Now, tell Quandl about the API key you created above:

In [None]:
quandl.ApiConfig.api_key = '<API KEY>'  # Fill in your value here

Now we will access some Sunspot data. Visit Quandl's page for the [Solar Influences Data Analysis Center](https://www.quandl.com/data/SIDC/SUNSPOTS_D-Total-Sunspot-Numbers-Daily).

This is daily data collected by the Royal Observatory of Belgium starting in 1818. Observe in the upper right hand corner of the page you will find a *Quandl Code*. You will need this code to access this specific dataset. Each dataset has its own code, which you can use to download the data:

In [None]:
sunspots = quandl.get('SIDC/SUNSPOTS_D')

The string 'SIDC/SUNSPOTS_D' is a code for retrieving specific data offered by Quandl. 'SIDC' refers to the Royal Observatory database, and 'SUNSPOTS_D' is a specific dataset in that database.
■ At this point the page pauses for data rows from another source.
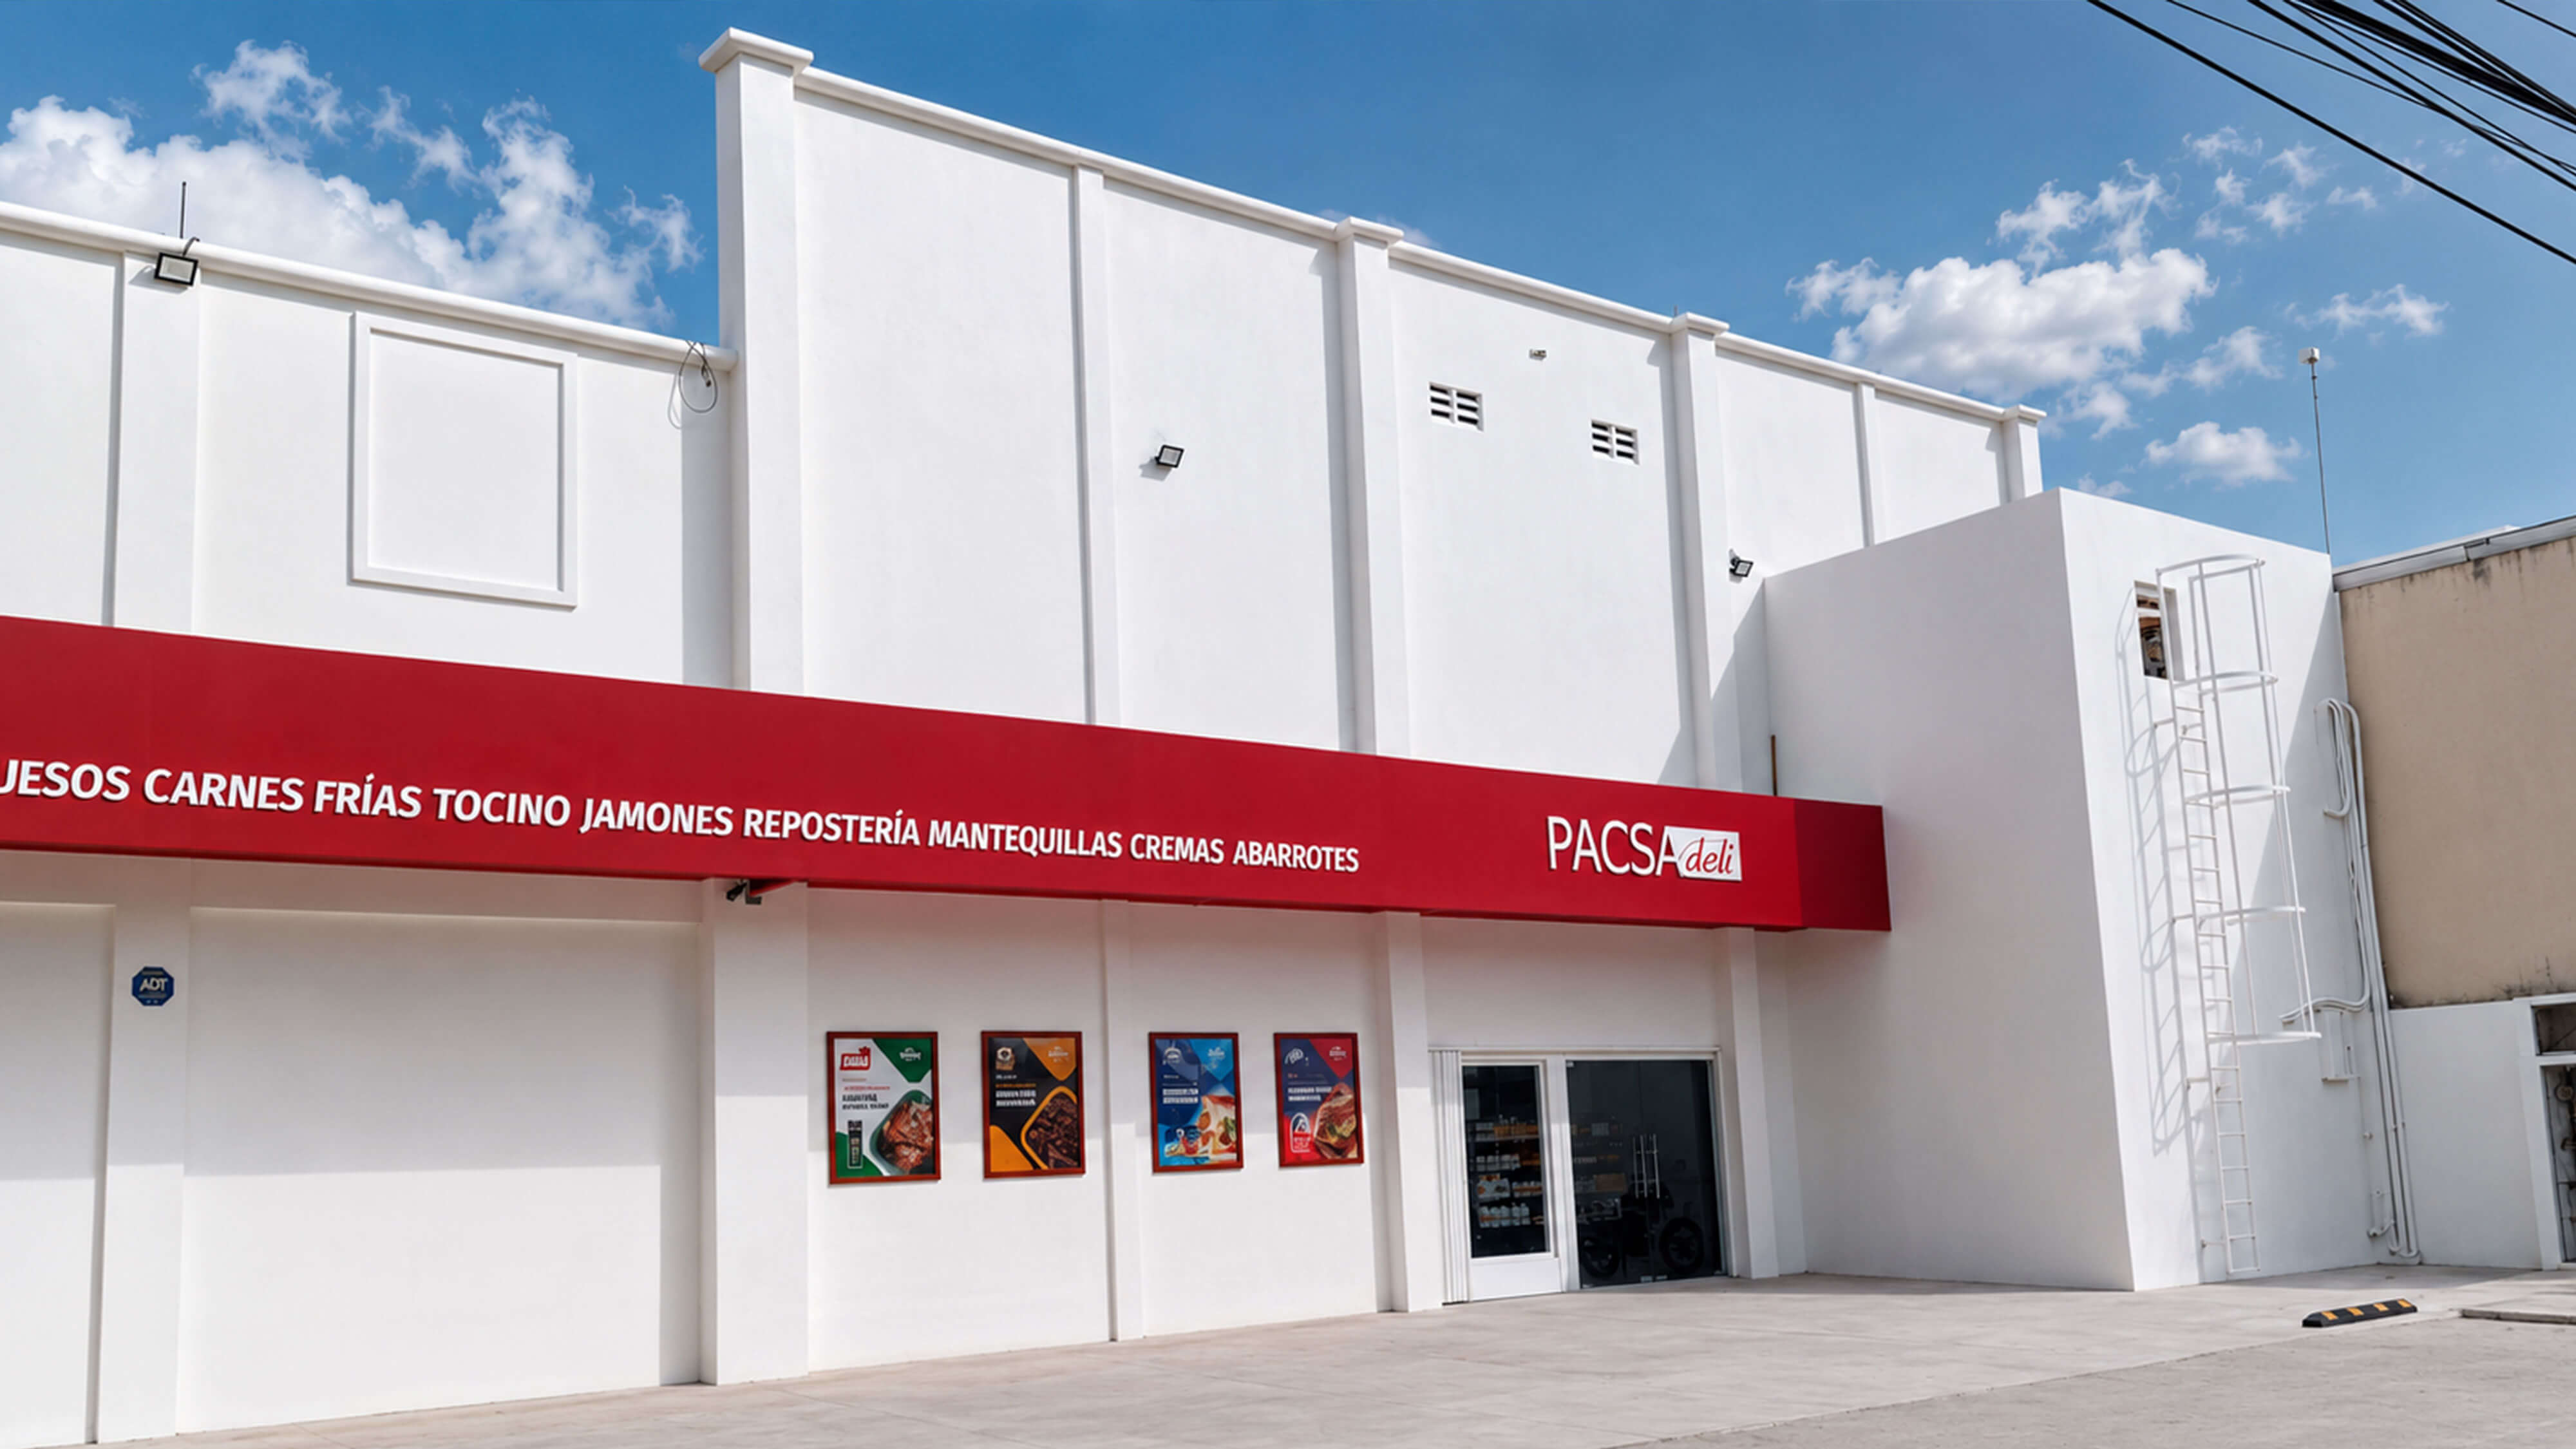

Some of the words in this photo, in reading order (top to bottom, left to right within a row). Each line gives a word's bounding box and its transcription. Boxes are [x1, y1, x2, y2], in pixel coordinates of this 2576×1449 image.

[144, 768, 305, 811] CARNES
[314, 772, 422, 818] FRÍAS
[433, 788, 571, 826] TOCINO
[579, 798, 734, 836] JAMONES
[743, 809, 921, 846] REPOSTERÍA
[927, 819, 1122, 858] MANTEQUILLAS
[1130, 833, 1225, 864] CREMAS
[1232, 840, 1359, 873] ABARROTES
[1548, 815, 1685, 878] PACSA
[1685, 837, 1734, 875] deli
[139, 977, 169, 992] ADT
Let's take a look at the data.

In [None]:
sunspots.head()

In [None]:
sunspots['Daily Sunspot Number'].plot()

That's how easy Quandl is! Find the Quandl code for the data you want and then call the `get` method.

# Questions

At the end of each of the following sections is a function that returns a list of data.  Currently, they return placeholder data.  You should alter these functions to return the correct data.  These functions are passed to the `score()` function that will submit the data to the grader and print out your grade.

## Question 1: wiki_data
We want to find the daily percentage change in the closing price for the first 100 trading days of 2016 for Tableau Software (ticker symbol DATA).  This should be returned as a list of 100 tuples of (date, percentage).
- Format the dates as strings like "7/04/16" for July 4th or "11/01/16" for November 1st.
  - **IMPORTANT**: look closely at the date format. The date has a leading zero but the month does not. The year is represented with two digits. Admittedly this is not a standard way of representing dates. The goal is to get you to think carefully about date formatting [directives](http://strftime.org/).
- The returns will be percentages, not fractions. Therefore, submit a return of one-and-a-half percent as 1.5, not 0.015.
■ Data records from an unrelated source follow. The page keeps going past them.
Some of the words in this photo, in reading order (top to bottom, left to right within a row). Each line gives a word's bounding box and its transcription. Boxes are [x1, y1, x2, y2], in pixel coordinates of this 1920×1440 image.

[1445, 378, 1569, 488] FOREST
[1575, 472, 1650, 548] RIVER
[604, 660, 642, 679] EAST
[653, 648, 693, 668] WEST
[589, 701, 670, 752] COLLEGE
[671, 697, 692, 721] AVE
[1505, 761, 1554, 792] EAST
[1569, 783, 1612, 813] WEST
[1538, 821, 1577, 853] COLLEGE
Quandl provides stock prices in the "WIKI EOD Stock Prices" database.  Use the search feature on the Quandl website to find the code for this dataset.  Use this with `start_date='2015-12-31'` keyword argument to get only the data from 2016.

In [None]:
prices = quandl.get(..., start_date='2015-12-31')
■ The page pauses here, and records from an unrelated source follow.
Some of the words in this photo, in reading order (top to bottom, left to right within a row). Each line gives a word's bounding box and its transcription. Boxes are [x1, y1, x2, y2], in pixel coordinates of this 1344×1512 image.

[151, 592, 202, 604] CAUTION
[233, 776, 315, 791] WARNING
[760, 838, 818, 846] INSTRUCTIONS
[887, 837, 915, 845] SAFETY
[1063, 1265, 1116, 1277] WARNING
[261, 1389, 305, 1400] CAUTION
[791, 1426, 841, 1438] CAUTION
The dataframe you get should have several hundred rows and 12 columns, with a datetime index.

In [None]:
assert prices.shape[1] == 12
print type(prices.index)
prices.head()

The dataframe you get should have several hundred rows and 12 columns, with a datetime index.  The only column we need is the "Adj. Close" column, which is adjusted for corporate actions like dividends and splits.  Use the `.pct_change()` method on this column to get the daily fractional change and then adjust it to be a percentage. 

In [None]:
close_change = ...

The dates are the index of the dataframe.  They can be made into a column with the `.reset_index()` method, or accessed directly with via the `.index` property of the dataframe or `close_change` series.  Once you have the dates, use the `.strftime()` method to format them as strings, with [these directives](http://strftime.org/).

In [None]:
date_str = ...

Finally, combine these two results into a list of tuples.  There are several approaches to this, including:
1. Make the two series into columns in the same dataframe.  Use a list comprehension over the [`.itertuples()`](http://pandas.pydata.org/pandas-docs/stable/generated/pandas.DataFrame.itertuples.html#pandas.DataFrame.itertuples) generator to produce a list of tuples.
2. Use [`zip()`](https://docs.python.org/2/library/functions.html#zip) to join the two series into a list of tuples.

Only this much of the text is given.